Universal AI assistance logging with transparency.
A flexible framework for capturing, analyzing, and sharing AI agent interactions while maintaining privacy and auditability. Supporting multiple AI agents and workflows, this tool helps organizations track and understand their AI usage patterns.
- Why this exists
- Architecture Overview
- Current capabilities
- Getting started
- CLI Commands
- Documentation
- Troubleshooting
- Roadmap snapshot
- Contributing
Codex (and other AI coding tools) produce rich session logs, but they're hard to read and even harder to share responsibly.
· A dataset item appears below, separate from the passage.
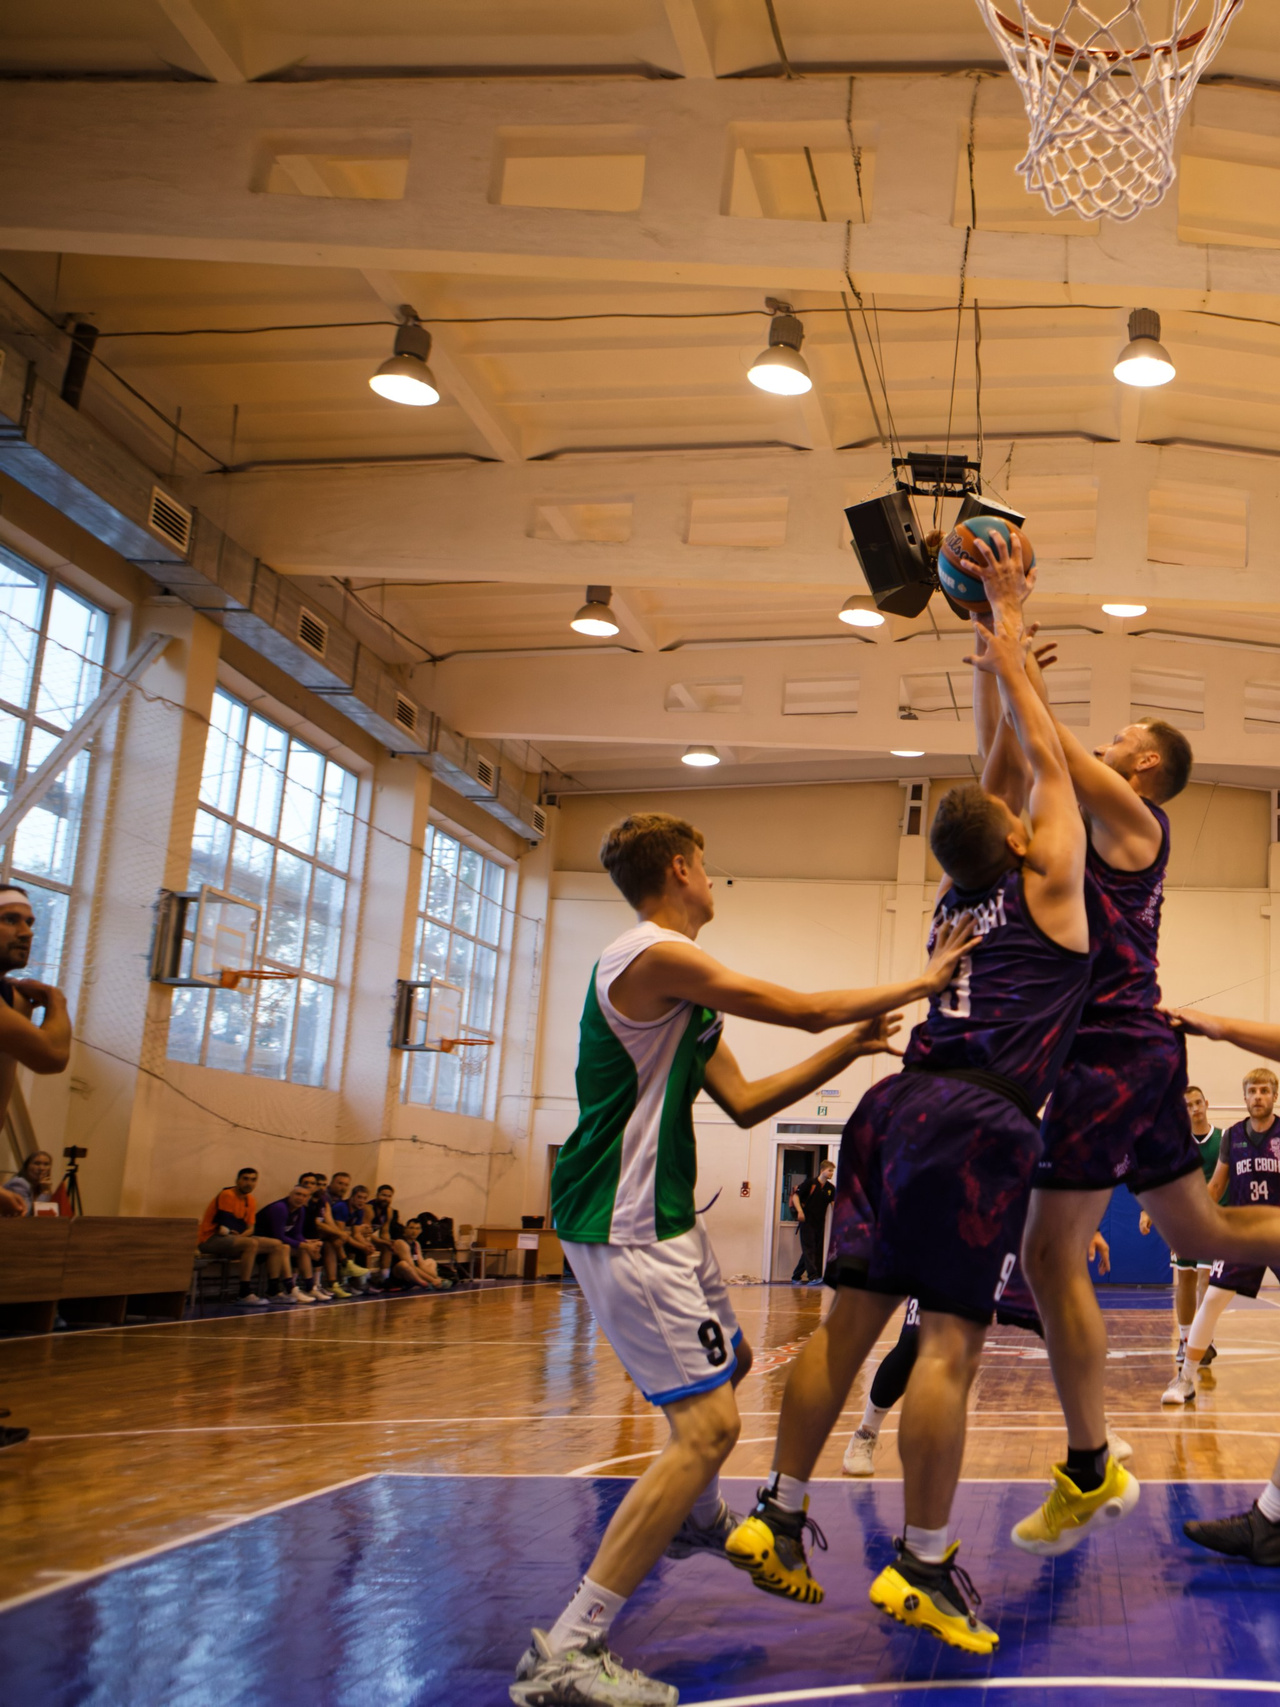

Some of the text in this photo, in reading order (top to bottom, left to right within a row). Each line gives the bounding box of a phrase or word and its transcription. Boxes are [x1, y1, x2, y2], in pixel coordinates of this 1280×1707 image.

The AI Log Trail tool ingests *.json or *.jsonl session data, normalizes it into SQLite, and generates human-friendly reports that highlight:
- User prompts and the agent responses/actions.
- Token usage and cost indicators.
- Function calls, reasoning trails, and decision history.
- Redactions applied to sensitive content so transparency doesn't compromise privacy.
The goal is a workflow where AI-assisted coding can be audited, explained, and optionally published in repositories or release notes.
The AI Log Trail follows a simple 5-stage pipeline:
Session Files (JSONL)
↓
[Parser] ← discover, load, validate, group by user message
↓
[Ingest] ← normalize, sanitize, persist to SQLite
↓
[Redaction] ← apply rules & manual redactions
↓
[Export] ← generate reports, output redacted data
Key components:
- Parser (
src/parsers/) — Discovers nested session directories, loads JSONL events, groups by user prompt - Ingest (
src/services/ingest.py) — Validates, sanitizes, applies rule-based redactions, persists to SQLite in a transaction - Database (
src/services/database.py) — 12 normalized tables with cascading FK, audit trail viaraw_jsoncolumns - Redactions (
src/services/redactions.py,src/services/redaction_rules.py) — Rule library, application tracking, deduplication via fingerprints - CLI (
cli/) — Entry points: ingest, group (display), export, rules management, migration
Learn more: docs/architecture.md — Full system design, data flows, error handling.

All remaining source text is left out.